Unos cautivos cristianos descubren con igual objetividad las luces y las
sombras del imperio turco; y aprovechan para recordar que también la
cristiandad, que tiene muchas luces, tiene muchas sombras. El Viaje de Turquía es a la vez una novela
de costumbres y una novela picaresca.
Este
extenso diálogo cuenta la odisea de Pedro de Urdemalas, al que Marcel Bataillon
no dudó en calificar de Ulises cristiano. Son tres los personajes: Pedro de
Urdemalas (literalmente: “Pedro de malas artes”), astuto y observador, hombre
de letras que entiende de medicina; Juan de Voto a Dios, judío errante que presume
de lo que carece; y Matalascallando, socarrón, escéptico, burlón, desconfiado y
amigo de contrastar las cosas: “si el oficio de médico es matar… ¿no lo hará
mejor cuanto menos estudiare?”
La
autonomía de la razón pasa por la demolición de los dos pilares de la
escolástica: los filósofos y la Iglesia; ambos están cautivos dentro del
criterio de autoridad. En cuanto al filósofo, “si le preguntáis por qué es
verdad esto, responderá con su gran simpleza y menos saber, que porque lo dixo
Aristóteles”; en cuanto al fraile, la autoridad se da la mano con el rechazo de
la experimentación: “plugiese a Dios (…) que muchos de los theólogos que andan
en los púlpitos y escuelas midiendo a palmos y a jemes la potencia de Dios (…)

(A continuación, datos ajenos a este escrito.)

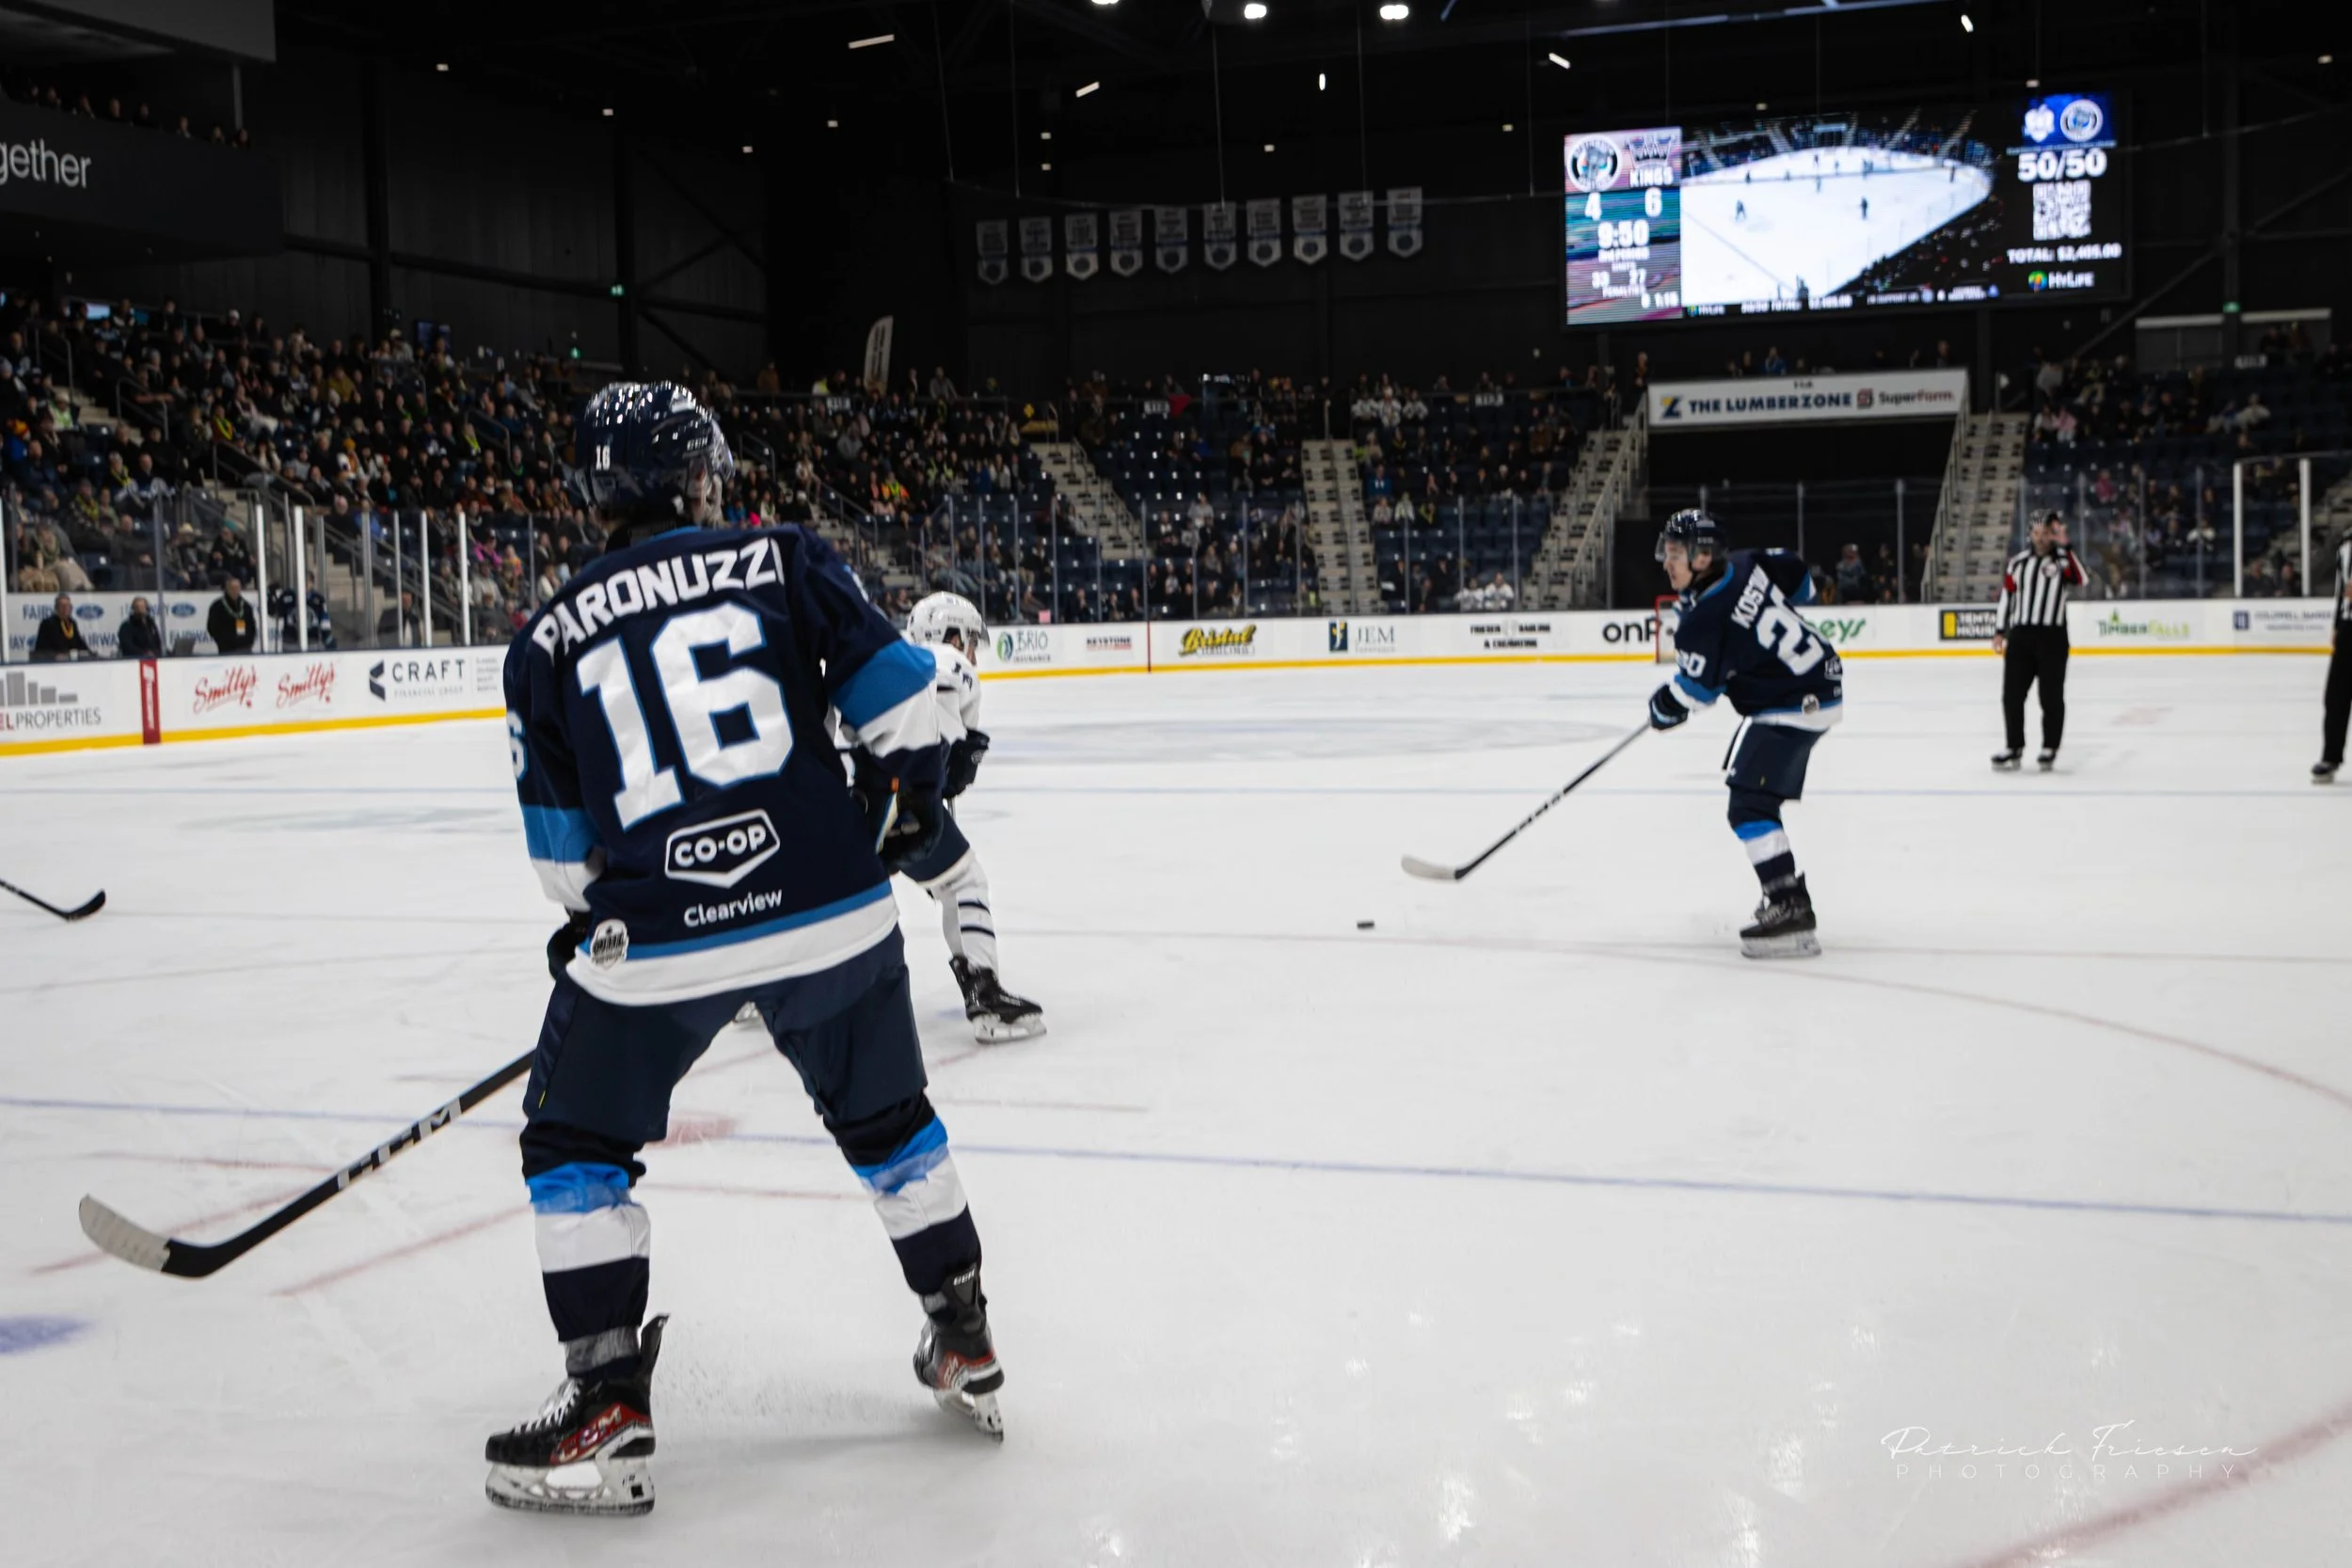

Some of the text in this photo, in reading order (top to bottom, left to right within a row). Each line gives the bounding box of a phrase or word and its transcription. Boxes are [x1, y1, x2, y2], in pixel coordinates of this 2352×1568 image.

supiesen por experiençia midir los palmos que tiene de largo el remo de la galera
turquesca”. Bajo esta tónica mordaz e irreverente, propia de la picaresca, no
late una falta de religiosidad, sino un deseo de que la religiosidad se acomode
a la ciencia. Eran los tiempos de Erasmo. Cuando llegue Felipe II, rey de la
Contrarreforma, las cosas cambiarán; primero fue Carlos V, príncipe del
Renacimiento.
Pedro
de Urdemalas critica el método escolar de gramática y comentario pues, cuando
se trata de aprender idiomas, “su fin no es saber fábulas (…) sino entender la
lengua”. Y puestos a hablar, lo principal es pronunciar: “ninguna cosa hay para
entender las lenguas (…) que la pronunciación”. Su programa de estudios es de
rabiosa actualidad, pues reclama menos competencia lingüística (así lo llamamos
hoy) y más competencia de comunicación. El conocimiento de las lenguas
facilítale el espíritu de comprensión y tolerancia, y es una exhortación a
dialogar entre las diversas culturas de la tierra.
He
aquí algunos de sus rasgos de humor:
-¿Hay mugeres en Turquía?
-No, que los hombres
se nasçen en el campo como hongos.
*
-Yo digo que la çinta
puede muy bien ser causa que la muger se empreñe si se la saben çeñir.
-¿Cómo se ha de çeñir?
(…)
-El fraile más moço, a
solas en su celda, y ella desnuda.
*
-¿Cómo podías sin casa
sufrir tanto frío y sin ropa?
-Hartándome de ajos
crudos, y vino, que es brasero del estómago.
5. Conclusión.
Andrés
Laguna fue un científico, pero también un humanista; un equilibrio casi
perfecto entre literatura y ciencia (dos polos que, tradicionalmente, se han
dado la espalda). En el siglo XIV se cultivó la ciencia: en el XV, el
humanismo. En el XVIII fue la Ilustración: en el XIX, el positivismo. El
empirismo lógico, en el XX, creyó que sólo había futuro dentro la ciencia:
después la hermenéutica cambiaría el enfoque de nuevo. Ciencias y letras: dos
“culturas”, como dijo Snow en 1959, apostando por la ciencia como garantía de
futuro; y viendo en las letras, frente al progreso científico, una rémora para
la humanidad. Antes había dicho lo contrario Jean Baptista Vico.
Pero
Andrés Laguna, antes que todos ellos, supo ver, como médico humanista, que el
lastre más grande de todos era que las ciencias menospreciaran a las
humanidades; y que las ciencias naturales también despreciaran a las ciencias humanas:
éste es el legado que querríamos rescatar. Andrés Laguna: el diálogo entre
humanismo y ciencia (columna vertebral sobre la que se edifica la cultura) es
el eje sobre el que se desarrolla nuestra personalidad. Plenamente. El único
que puede ofrecernos todas las garantías.